Wednesday, November 03, 2004

The End Is My Beginning, The Beginning Is My End  

Thus the title of a famous motet by Guillaume Machaut, the great late medieval/early Renaissance composer. And thus, this blog ends. Longer explanation follows (along with an irresistible link!).

It's become much too hard to be an American.

In my case, I took a break from the middle of a pretty decent career, to add my dissenting voice during what was -and remains- a national emergency. Although my career hit some major snags as a result, I will never regret what I've done. How could I be a decent father to my daughter, let alone a responsible citizen, and not have tried to do at least something to prevent the madness of the Bush/Iraq war?

While the past year and a half has been in some ways enjoyable, and I've learned a great deal, constant exposure to the toxic nature of George W. Bush and his world has taken a serious toll. In more ways than I care to remember, my health has suffered, as has my emotional well-being. In a nutshell, America is now asking too much of its citizens in order to save it from heading over a cliff. That is why we elect representatives, so that we can do our work and not have to run a government. We're supposed to have a responsible and free press, so that normal folks need not work 24/7 exposing the lies and crimes of our leaders. Don't get me wrong, I'm glad to do my bit, but I've already done more than I reasonably could. Politics, political writing is not my field, never was, never will be. There is a limit to how much I can do, how much basic research I'm qualified to undertake. I tried to exceed that, but I am simply not capable of continuing to do more.

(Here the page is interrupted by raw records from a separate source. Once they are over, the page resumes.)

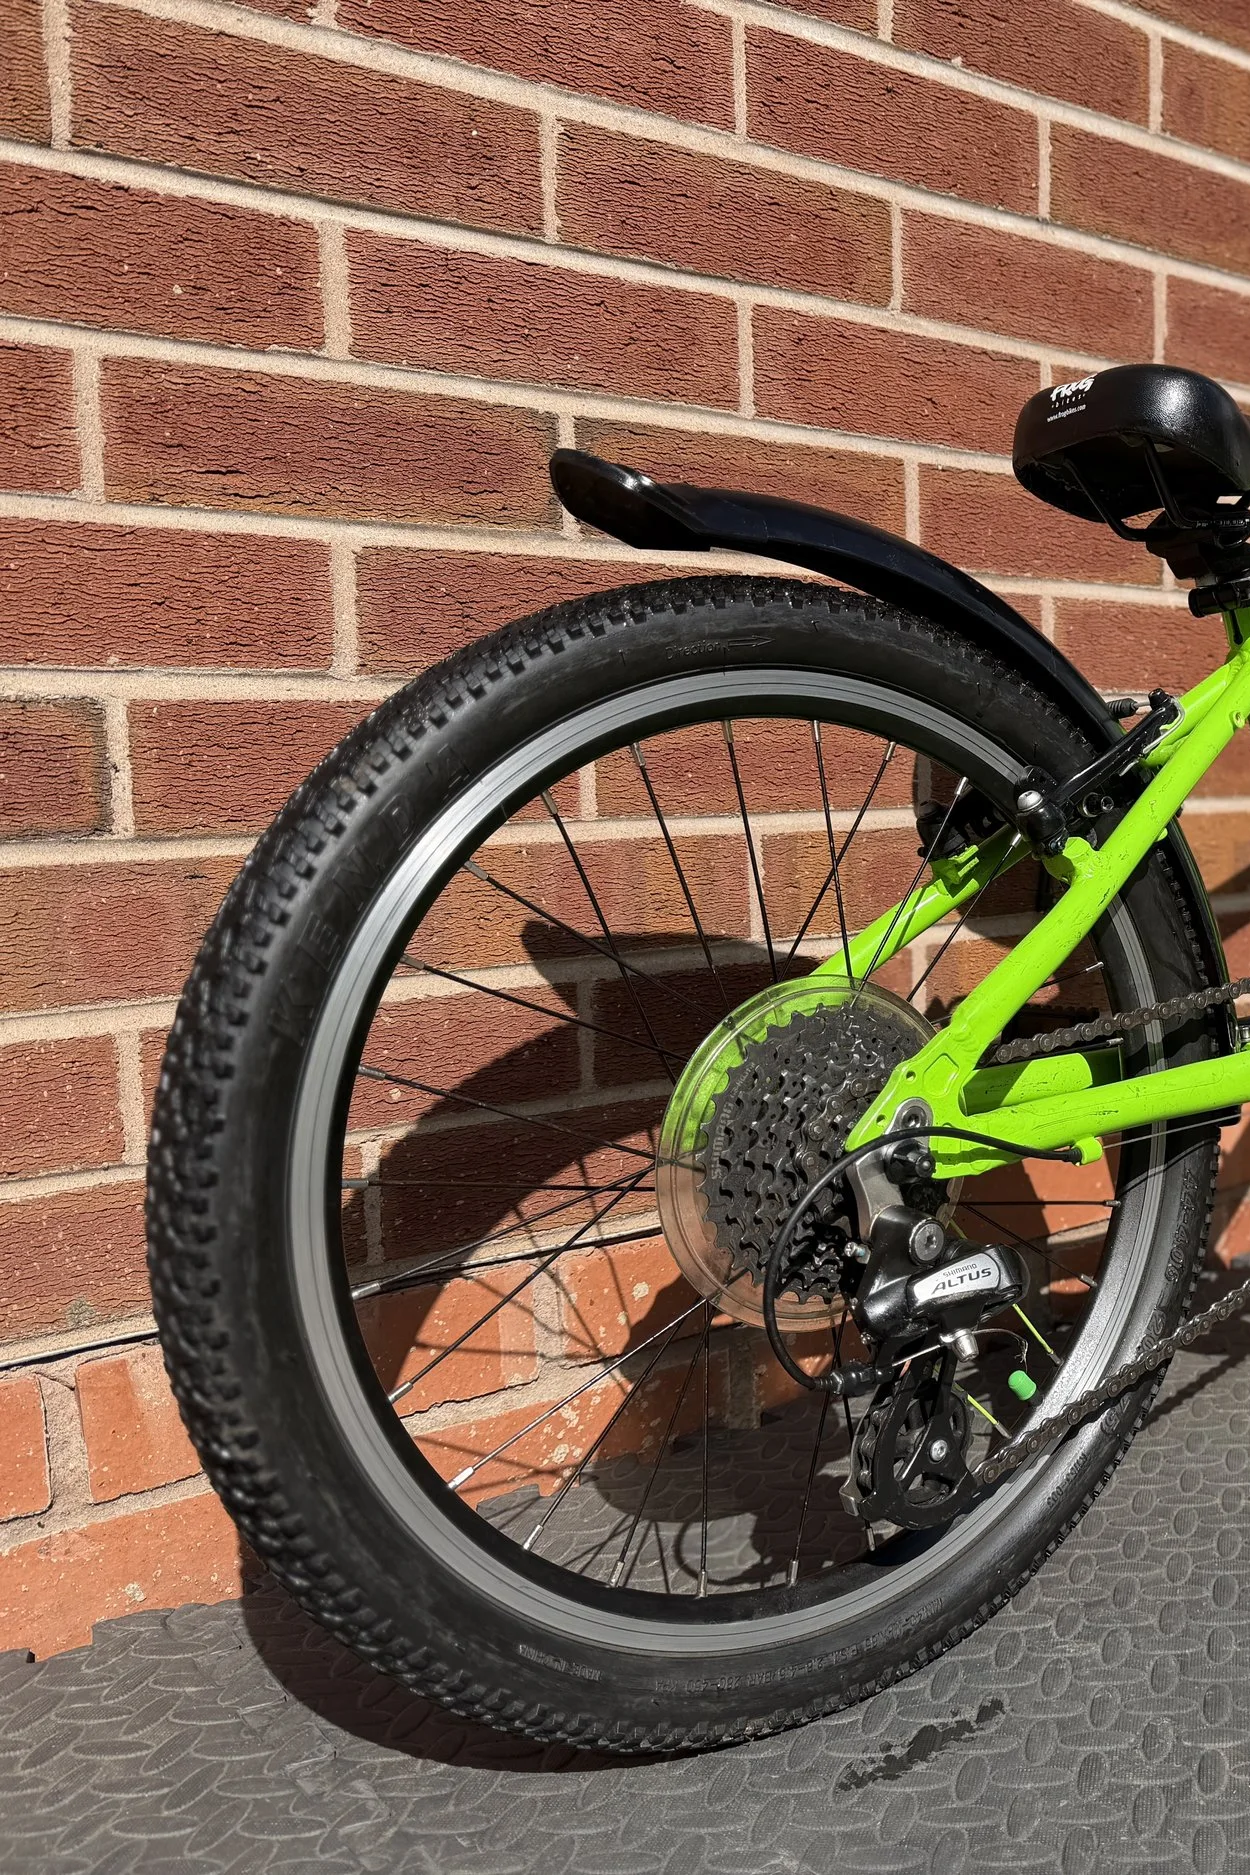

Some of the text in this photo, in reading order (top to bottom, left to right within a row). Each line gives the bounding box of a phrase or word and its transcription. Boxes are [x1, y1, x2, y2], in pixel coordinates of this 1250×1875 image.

[1050, 373, 1096, 402] FROG
[711, 1100, 735, 1181] SHIMANO
[1164, 1168, 1199, 1283] 44-406
[931, 1267, 992, 1296] ALTUS
[943, 1263, 978, 1278] SHIMANO

It's time to get back to work. I have too much music I need to write. I had a lot of fun writing this blog, learned a lot, met many fascinating people who are far more intelligent than I, always a pleasure, and who I wish I could thank properly not only for their hard work, but for the pleasure and comfort it's given me. I may drop a line or two on this blog every once in a while. And I'll never stop caring about the issues that got me started in the blogosphere in the first place. But this is the time, as the great poet of the "old weird America" once sang, to keep on keepin' on. Thanks, all of you, for reading. I wish all of us luck.

PS: And now, in the spirit of a Dixieland jazz funeral, one last link to break the mood, courtesy of my dear friend, JB.


A catastrophic catastrophe. Losses in the House, losses in the Senate, and Bush will almost certainly win. That he is ahead in the popular vote by 3 1/2 million is frightening enough.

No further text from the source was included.